== Goal of the exercise ==
Word for word, write the records out again, but omit each picture.

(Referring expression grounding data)
***
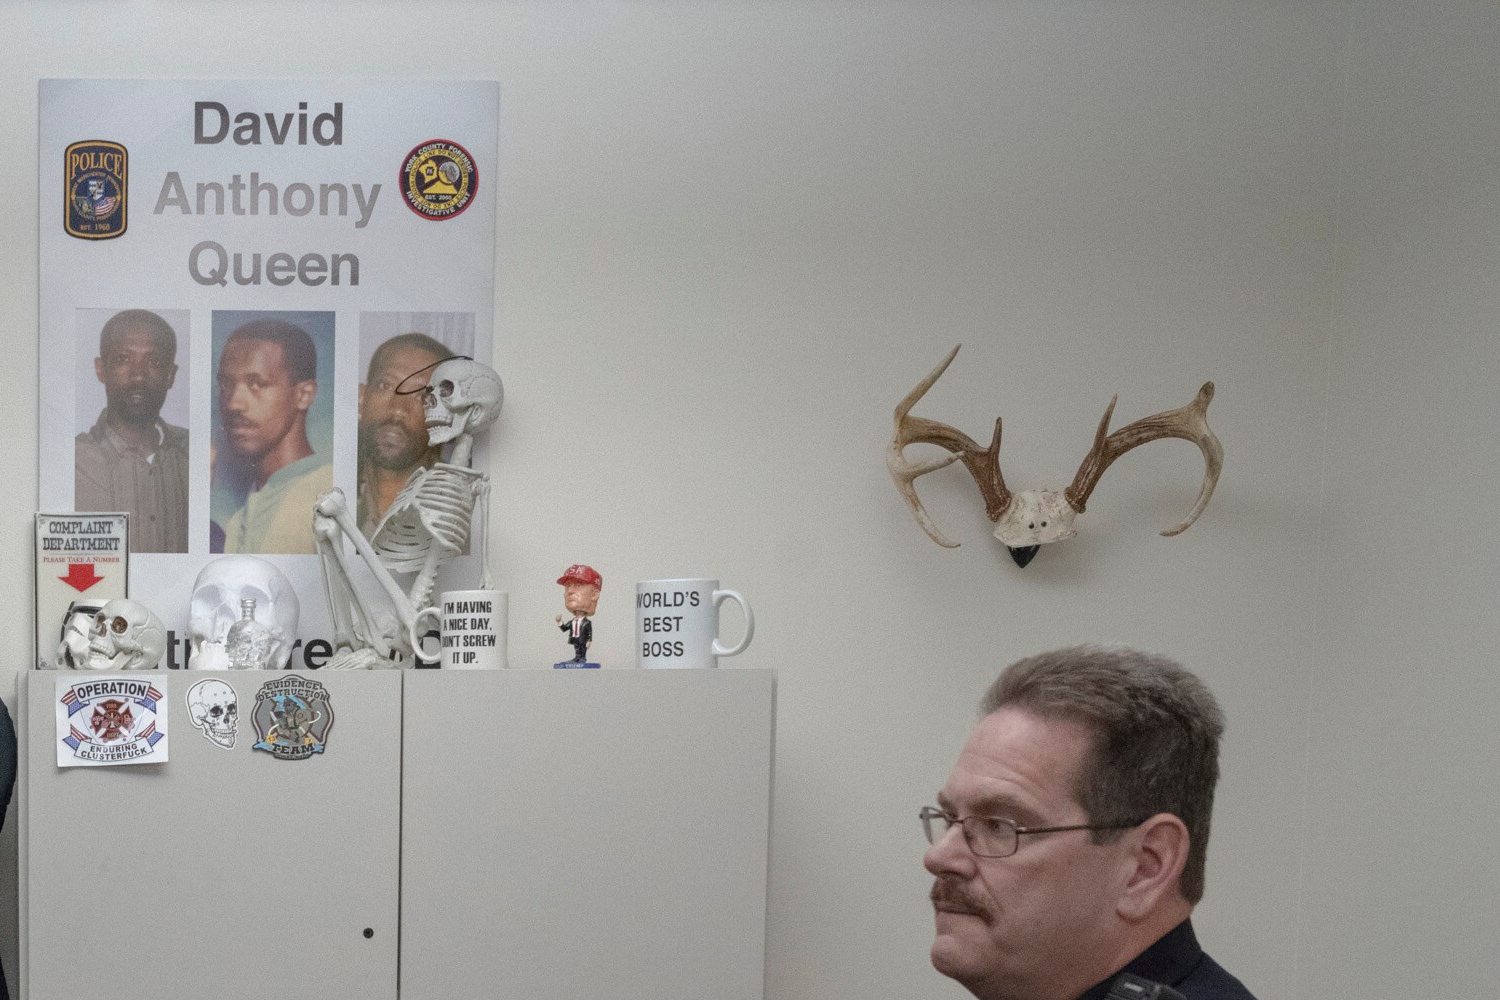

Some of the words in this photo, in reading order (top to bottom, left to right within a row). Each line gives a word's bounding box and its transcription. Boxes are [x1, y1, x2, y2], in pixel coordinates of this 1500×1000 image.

[194, 101, 343, 146] David
[404, 154, 418, 173] YORK
[418, 143, 446, 155] COUNTY
[448, 145, 474, 173] FORENSIC
[71, 152, 122, 180] POLICE
[153, 172, 382, 228] Anthony
[406, 190, 456, 216] INVESTIGATIVE
[457, 192, 471, 208] UNIT
[188, 240, 360, 287] Queen
[49, 521, 113, 534] COMPLAINT
[42, 537, 120, 551] DEPARTMENT
[636, 591, 700, 608] WORLD'S
[444, 602, 454, 614] I'M
[456, 601, 492, 613] HAVING
[443, 619, 447, 631] A
[449, 618, 468, 631] NICE
[470, 618, 492, 631] DAY,
[643, 617, 683, 632] BEST
[441, 635, 460, 648] DON'T
[463, 634, 497, 647] SCREW
[642, 641, 684, 658] BOSS
[453, 652, 460, 664] IT
[463, 652, 478, 664] UP.
[77, 682, 147, 699] OPERATION
[266, 680, 320, 691] EVIDENCE
[258, 688, 329, 701] DESTRUCTION
[80, 747, 148, 760] CLUSTERFUCK
[90, 743, 138, 754] ENDURING
[273, 743, 315, 755] TEAM
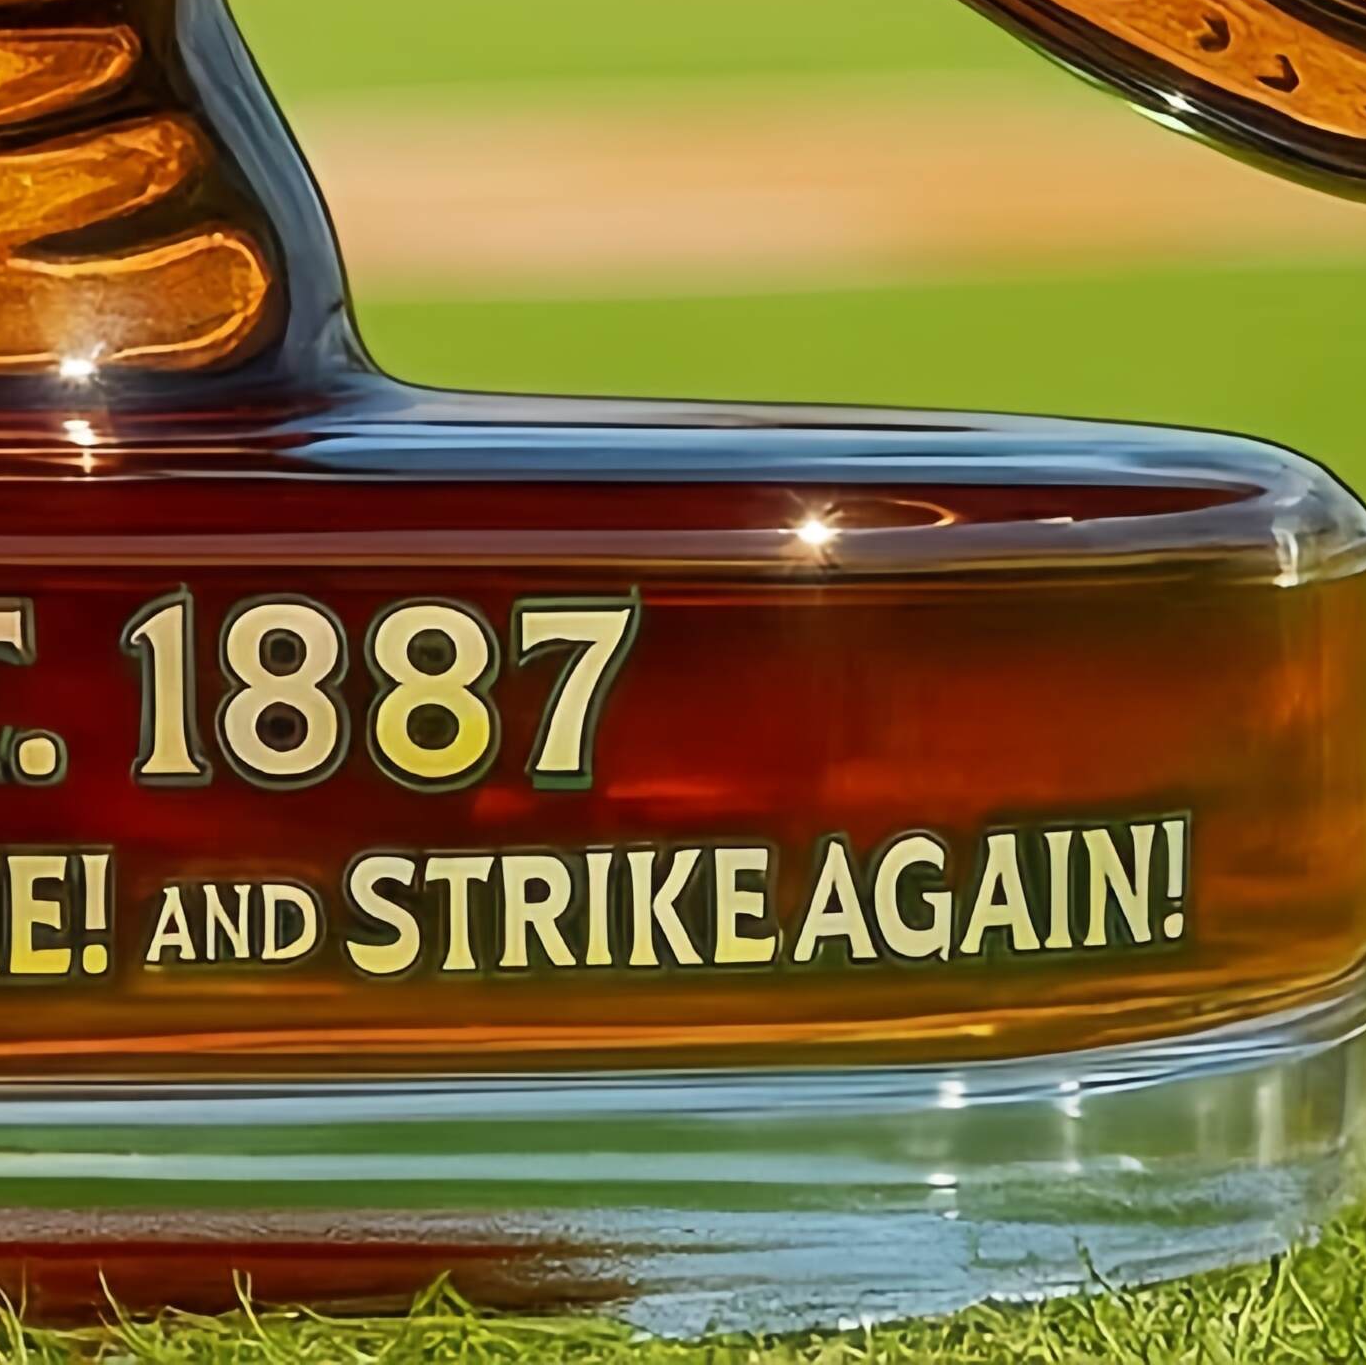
***
== Solution to this exercise ==
Some of the words in this photo, in reading order (top to bottom, left to right within a row). Each line gives a word's bounding box and its transcription. Boxes are [x1, y1, x2, y2], in pixel coordinates of this 1500×1000 image.

[194, 101, 343, 146] David
[404, 154, 418, 173] YORK
[418, 143, 446, 155] COUNTY
[448, 145, 474, 173] FORENSIC
[71, 152, 122, 180] POLICE
[153, 172, 382, 228] Anthony
[406, 190, 456, 216] INVESTIGATIVE
[457, 192, 471, 208] UNIT
[188, 240, 360, 287] Queen
[49, 521, 113, 534] COMPLAINT
[42, 537, 120, 551] DEPARTMENT
[636, 591, 700, 608] WORLD'S
[444, 602, 454, 614] I'M
[456, 601, 492, 613] HAVING
[443, 619, 447, 631] A
[449, 618, 468, 631] NICE
[470, 618, 492, 631] DAY,
[643, 617, 683, 632] BEST
[441, 635, 460, 648] DON'T
[463, 634, 497, 647] SCREW
[642, 641, 684, 658] BOSS
[453, 652, 460, 664] IT
[463, 652, 478, 664] UP.
[77, 682, 147, 699] OPERATION
[266, 680, 320, 691] EVIDENCE
[258, 688, 329, 701] DESTRUCTION
[80, 747, 148, 760] CLUSTERFUCK
[90, 743, 138, 754] ENDURING
[273, 743, 315, 755] TEAM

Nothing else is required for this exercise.